The top plays from the week of basketball in the D.C., Maryland, and Virginia area. (Nick Plum for Synthesis/Koubaroulis LLC./The Washington Post)

For most, Bishop Ireton’s pronouncement to the area came in last year’s Washington Catholic Athletic Conference playoffs, when the Cardinals knocked off Gonzaga in the first round, becoming the first eight seed to ever beat the No. 1 team.

But for the four seniors who joined Ireton the year before, that victory, along with the Cardinals’ competitive rise this season, was simply a manifestation of the inevitable.

“All the other times we had played Gonzaga, I had thought ‘Here we go again,’” senior Patrick Moseh said. “But that morning, I knew we had what it took. Knocking off Gonzaga wasn’t a fluke. It started when me and our three other seniors came in as sophomores and the Gonzaga win was a bridge to bring us to what we’re doing this year.”

What the Cardinals are doing is holding their own against the WCAC’s perennial powers while again gaining steam as the WCAC tournament approaches. In the last week, Bishop Ireton has lost to No. 2 Paul VI, No. 5 O’Connell and No. 10 DeMatha by a combined nine points.

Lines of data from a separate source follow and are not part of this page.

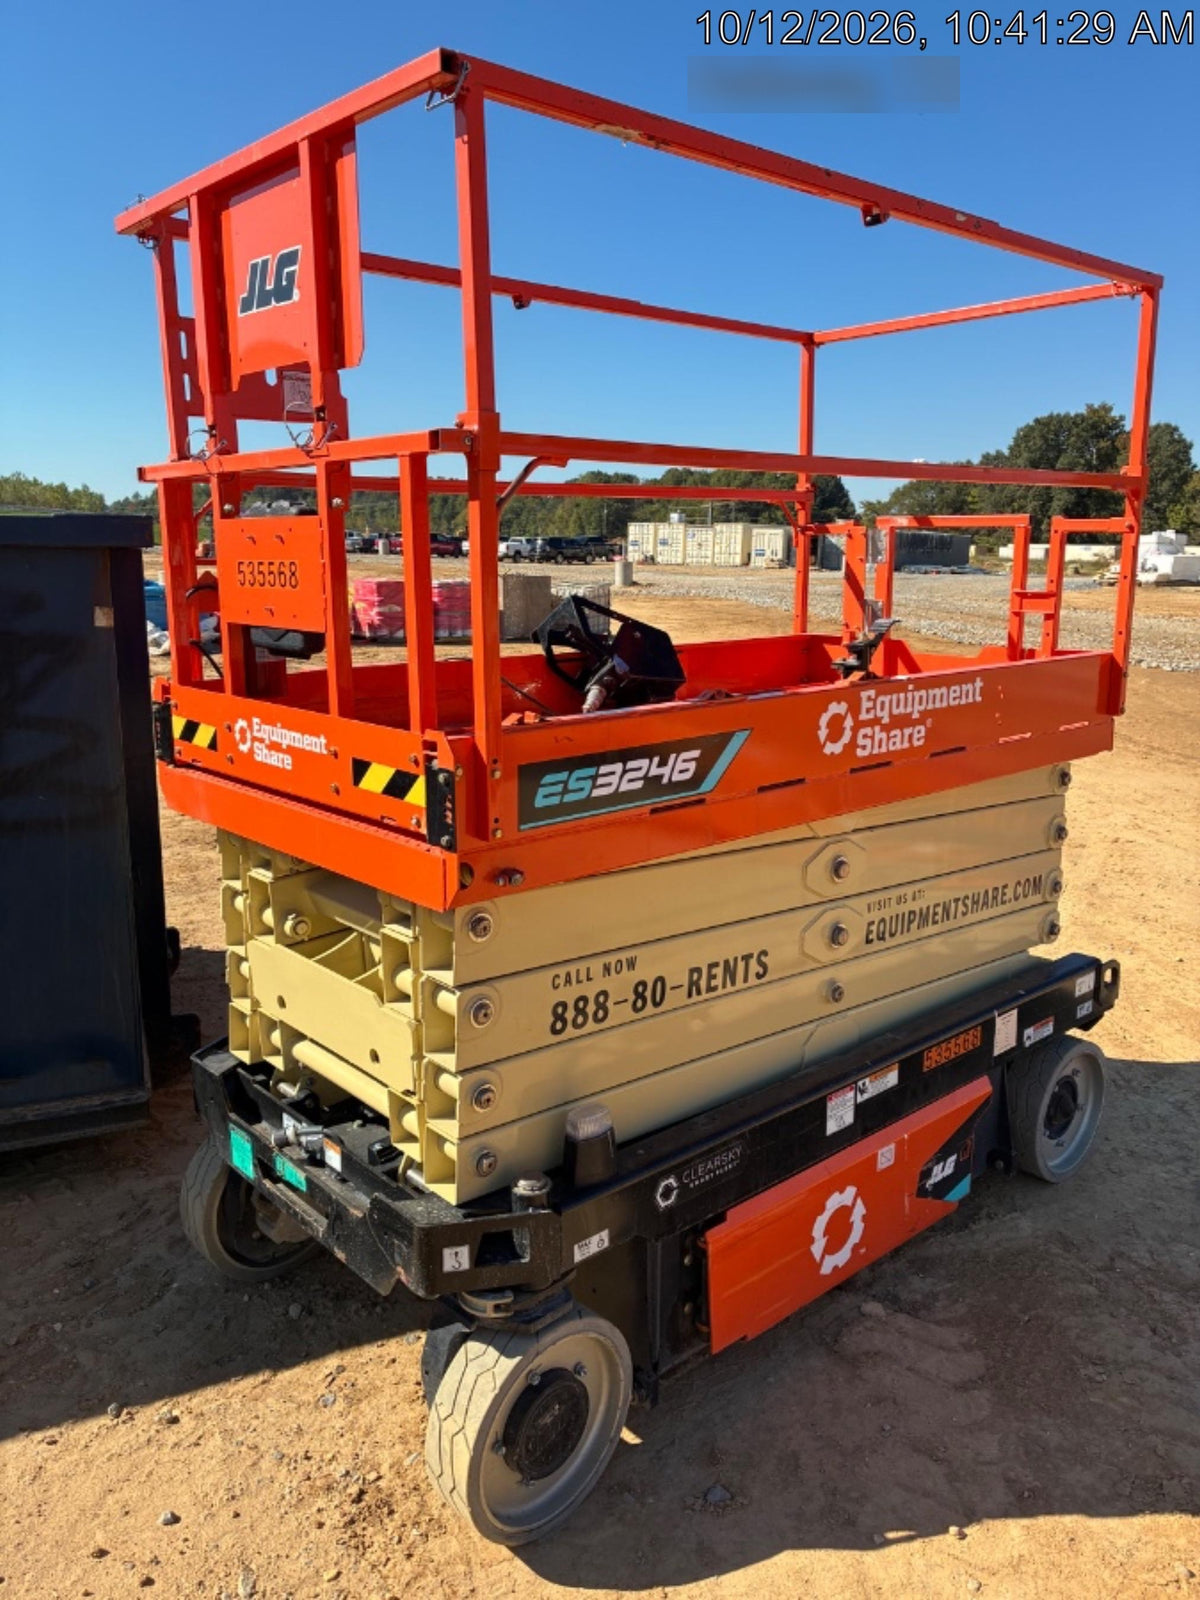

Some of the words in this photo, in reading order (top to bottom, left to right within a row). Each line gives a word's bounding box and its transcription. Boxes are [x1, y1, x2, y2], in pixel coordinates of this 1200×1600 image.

[238, 245, 302, 317] JLG
[237, 561, 299, 589] 535568
[858, 676, 984, 724] Equipment
[252, 717, 328, 755] Equipment
[856, 724, 926, 758] Share
[254, 741, 292, 771] Share
[534, 749, 702, 809] ES3246
[865, 874, 1043, 945] EQUIPMENTSHARE.COM
[867, 897, 892, 914] VISIT
[895, 891, 908, 906] US
[552, 966, 594, 990] CALL
[602, 955, 638, 978] NOW
[550, 949, 769, 1035] 888-80-RENTS
[923, 1026, 980, 1068] 535568
[682, 1145, 742, 1183] CLEARSKY
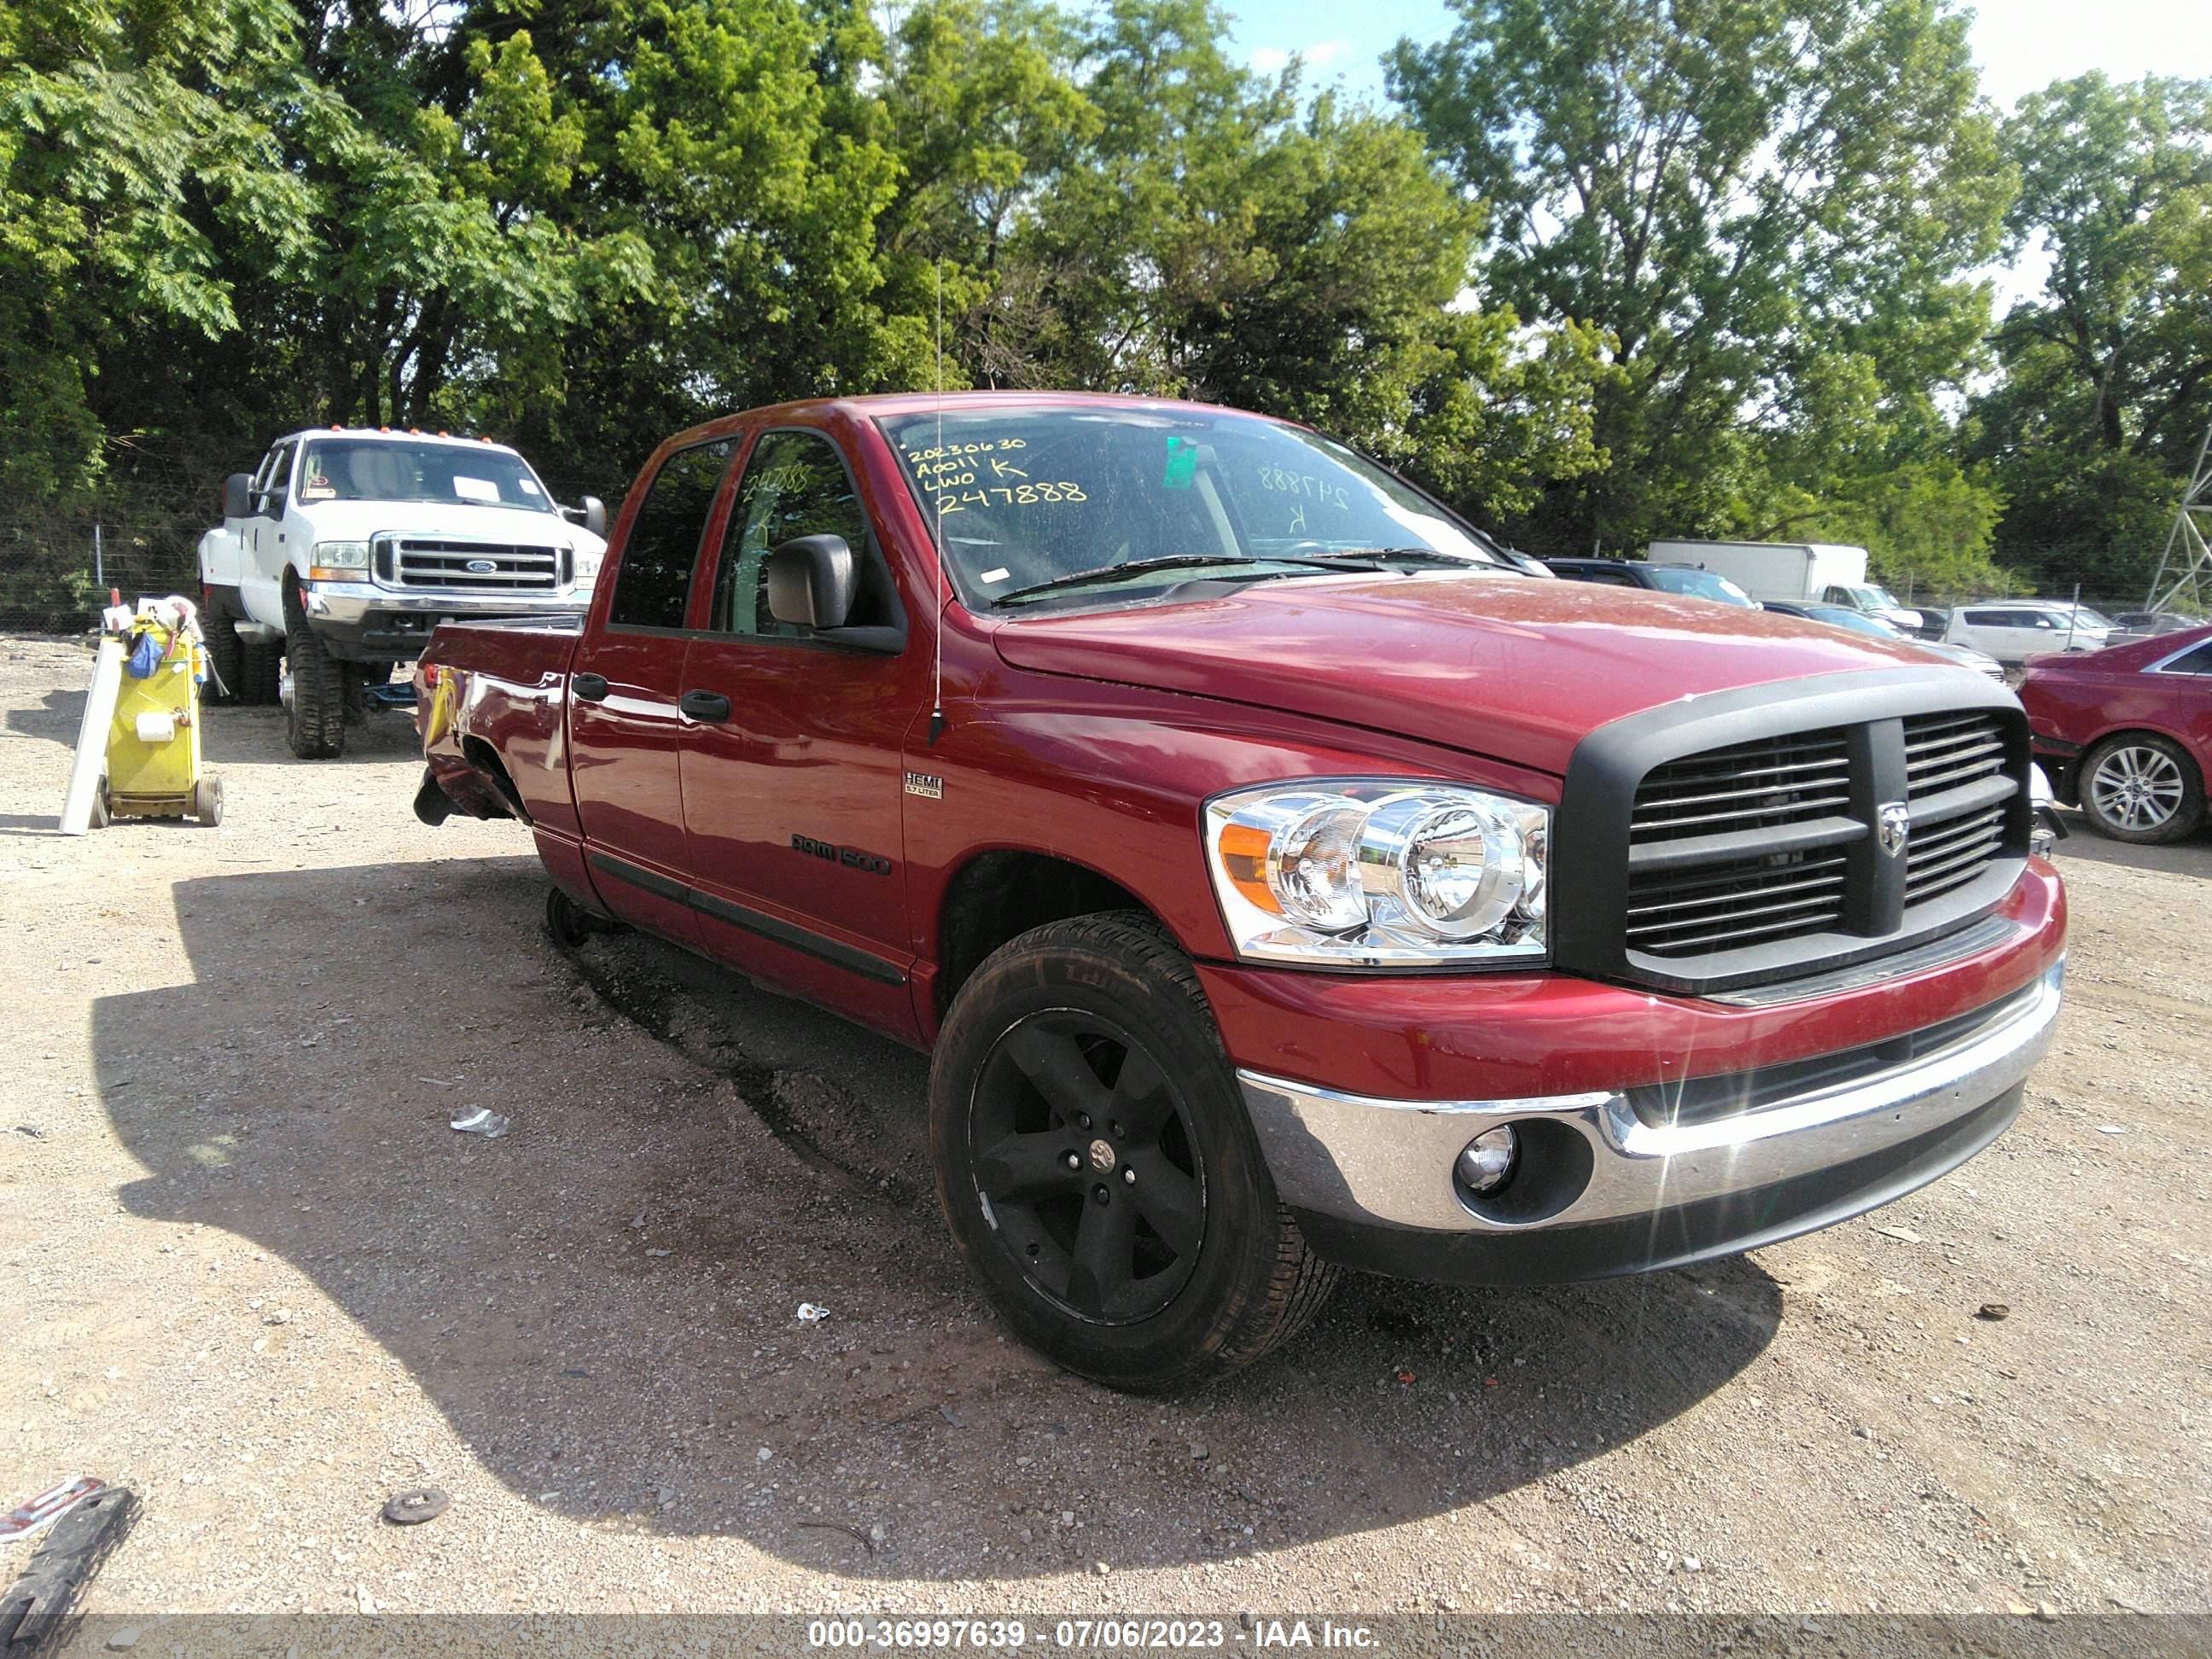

Though the players and Coach Neil Berkman know that there are no moral victories, they can take some pride in witnessing their rise from the WCAC’s cellar.

“The first step for me when I came in five years ago was to become relevant,” Berkman said. “We didn’t want to be the same old Ireton where teams sat their best players against us. That’s a slap in the face. We wanted to change the perception and culture, and that starts with five players playing as one.”

The versatility of seniors Moseh, Daniel Noe, Ty Quarles and Jamie Senft anchors the team’s mission, allowing them to create matchup problems for their opponents.

Moseh, a Wheeling Jesuit recruit, stands as one of the area’s best offensive rebounders while Quarles uses his athleticism to create plays for the Cardinals. Meantime, Senft (an Army recruit) has the length to alter a number of shots around the rim and Noe (Navy) shows explosive scoring ability while leading the team with 15.2 points per game.

When Senft went down with a broken foot last year, Noe moved to the starting center position and helped lead the Cardinals to their first winning record in at least 13 years. And when starting point guard Taylor McHugh transferred before this season, Noe again adjusted by becoming the primary ball handler for the 13-8 Cardinals.

“I’m more of a swingman, but I worked all summer on my ballhandling skills and learning how to run the offense to do whatever I could to help the team,” Noe said. “Playing different positions has helped me grow as a player, and we’ve all stepped up in different ways for the good of the team.”

With road games against top-ranked St. John’s and Gonzaga on tap this week, the Cardinals hope to see continued improvement from the underclassmen surrounding their senior quartet as they aim to turn their handful of close losses into another upset.

“It’s definitely frustrating at times to be so close and not win these games, but we have to keep a level head about it,” Moseh said. “Everybody is surprised because of how the old Ireton used to be, but we know we can compete, and last year’s upset was no fluke.

“There’s no such thing as moral victories, but we know we’re a dangerous team that a lot of teams aren’t going to want to play in the tournament.”